A collaborative process
“Every culture has a right and a responsibility to present its own culture to its own people. That responsibility is so fundamental it cannot be left in the hands of outsiders, nor be usurped by them.”[15] To give public exposure to a community to which one does not belong is not an easy task, as Maori filmmaker Barry Barclay reminds us in this quote. In 1982, Vietnamese filmmaker and theorist Trinh T. Minh-Ha shot also a film in Senegal, entitled Reassemblage. This famous documentary film features rural villagers and questions the possibility of representing a culture as an outsider. Minh-Ha suggests to “speak nearby” the community she describes,[16] a process involving “a speaking that does not objectify, does not point to an object as if it is distant from the speaking subject or absent from the speaking place. A speaking that reflects on itself and can come very close to a subject without, however, seizing or claiming it.”[17]
Nguyen does not pretend to describe the culture and customs of this specific community but only to highlight the complexities and difficulties to bear the weight of an inherited past. His practice focuses on the process of memory, remembering and forgetting, and does not involve a systematic observation of the life of the descendants of the Senegalese tirailleurs from Dakar. However, his film gives them a voice and, although he did not stay long enough to deeply engage with this community, his bottom-up approach resembles the practice of an ethnographer collecting first hand testimonies in order to reflect on the specificities of a peculiar community. To avoid claiming, appropriating or objectifying the stories of these Senegalese-Vietnamese, yet to remain close enough to them, Nguyen chose to collaborate deeply with some members of the community so that they would be the ones who present their own history. Furthermore, he proposed to some of them to write fictional scripts that would relate to their stories, and to perform them.
The Specter of Ancestors Becoming (2019). Still from the video (father and son, 4 screens)

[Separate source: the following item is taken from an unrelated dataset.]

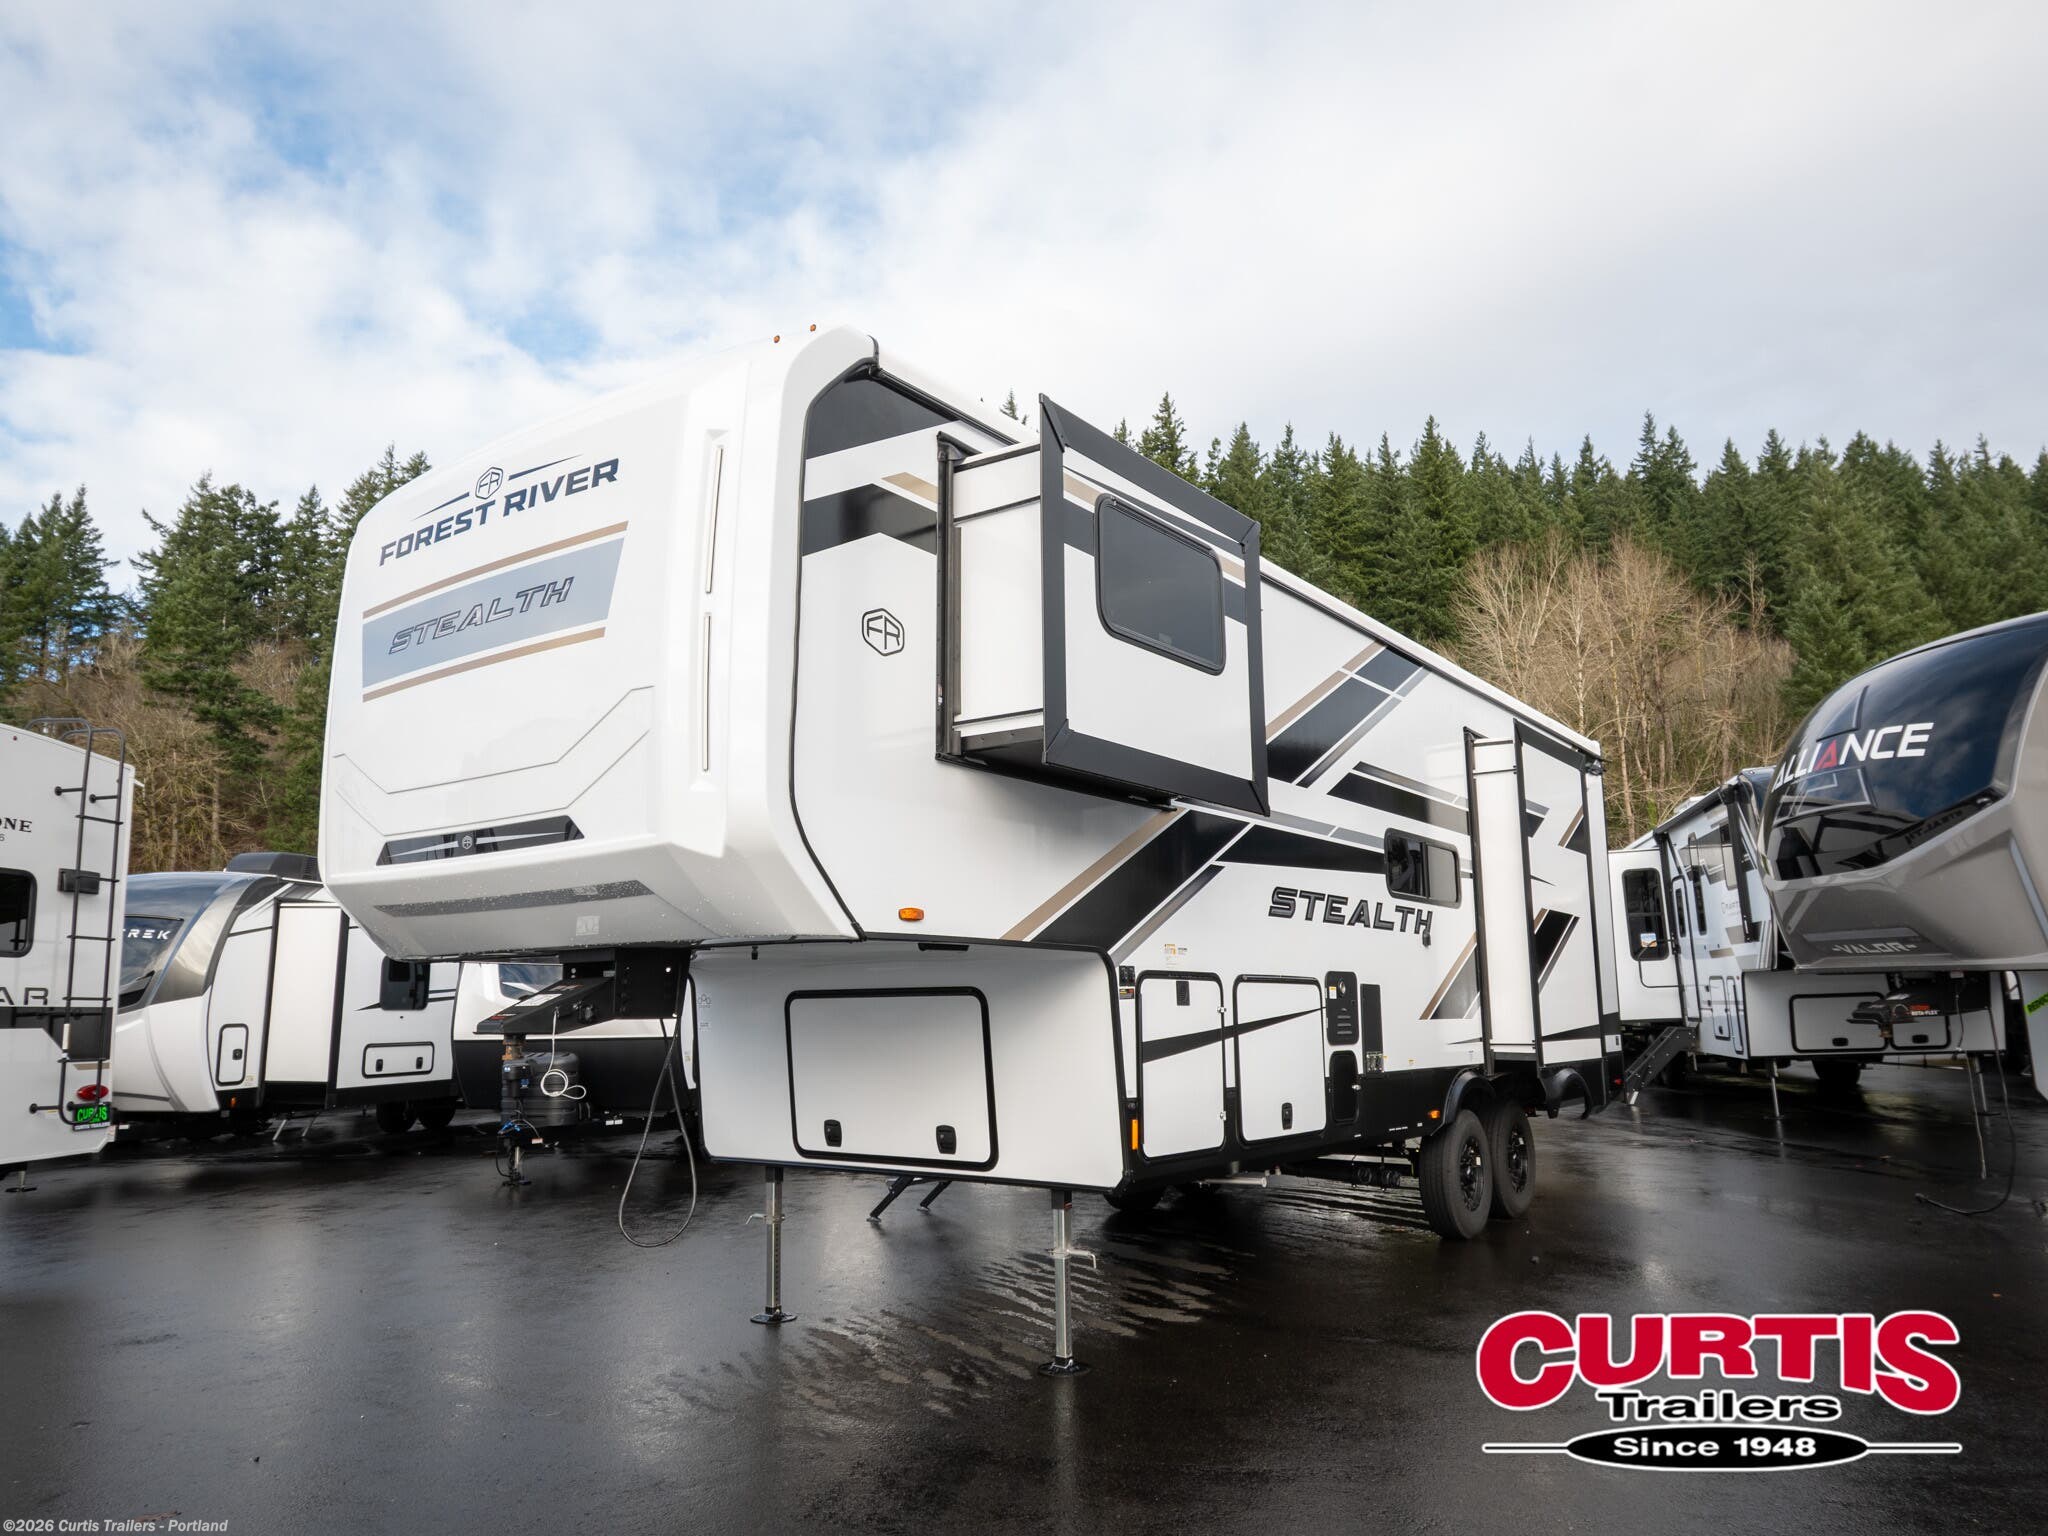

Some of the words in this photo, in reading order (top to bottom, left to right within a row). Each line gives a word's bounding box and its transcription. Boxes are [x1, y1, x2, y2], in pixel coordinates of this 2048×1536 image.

Nguyen has often used fiction as a way to fill the gaps in history and to compensate for the lack of archives, in particular when he worked on the topic of the boat people. In Dakar, the idea of intertwining fiction and reality emerged when he discovered that one of the women he interviewed, Anne-Marie Niane, had written a short novel about her Vietnamese mother, telling her story when she arrived in Senegal and had to face such cultural gaps as polygamy.[18] From this novel, Nguyen proposed her to develop her fictional narrative and to invite other members of the community to join the process. Nguyen did not drive their discussions nor their approach to the topic: inspired by their personal stories, Niane wrote a fictional scene taking place in the past in Saigon featuring a tirailleur and his Vietnamese wife when he had to leave Vietnam; Macodou Ndiaye related the confrontation between a father and his son in Dakar during which the son reproaches his father to have hidden the truth about his Vietnamese origins. Finally, Merry Bèye Diouf imagined a dialogue between a young Senegalese woman and her Vietnamese grandmother. Altogether, they spent time in meetings and debates so that the sequences reflect the community’s participation and engagement. For Anne-Marie Niane, writing the screenplay was a way to reconstruct history. “Where memory fails, imagination does the rest.” In an unpublished interview with the artist, she insists on the positive effects of the experience: “we can rebuild a life by rebuilding a story.”[19] The Specter of Ancestors Becoming features these three fictional scenes together with additional extracts from the artist’s interviews and archival materials. Ultimately, all the scenes are staged and the characters from the film are either acting or are at least aware of the presence of the camera. The artist never appears in the film and, for the interviews, the interviewer is always absent.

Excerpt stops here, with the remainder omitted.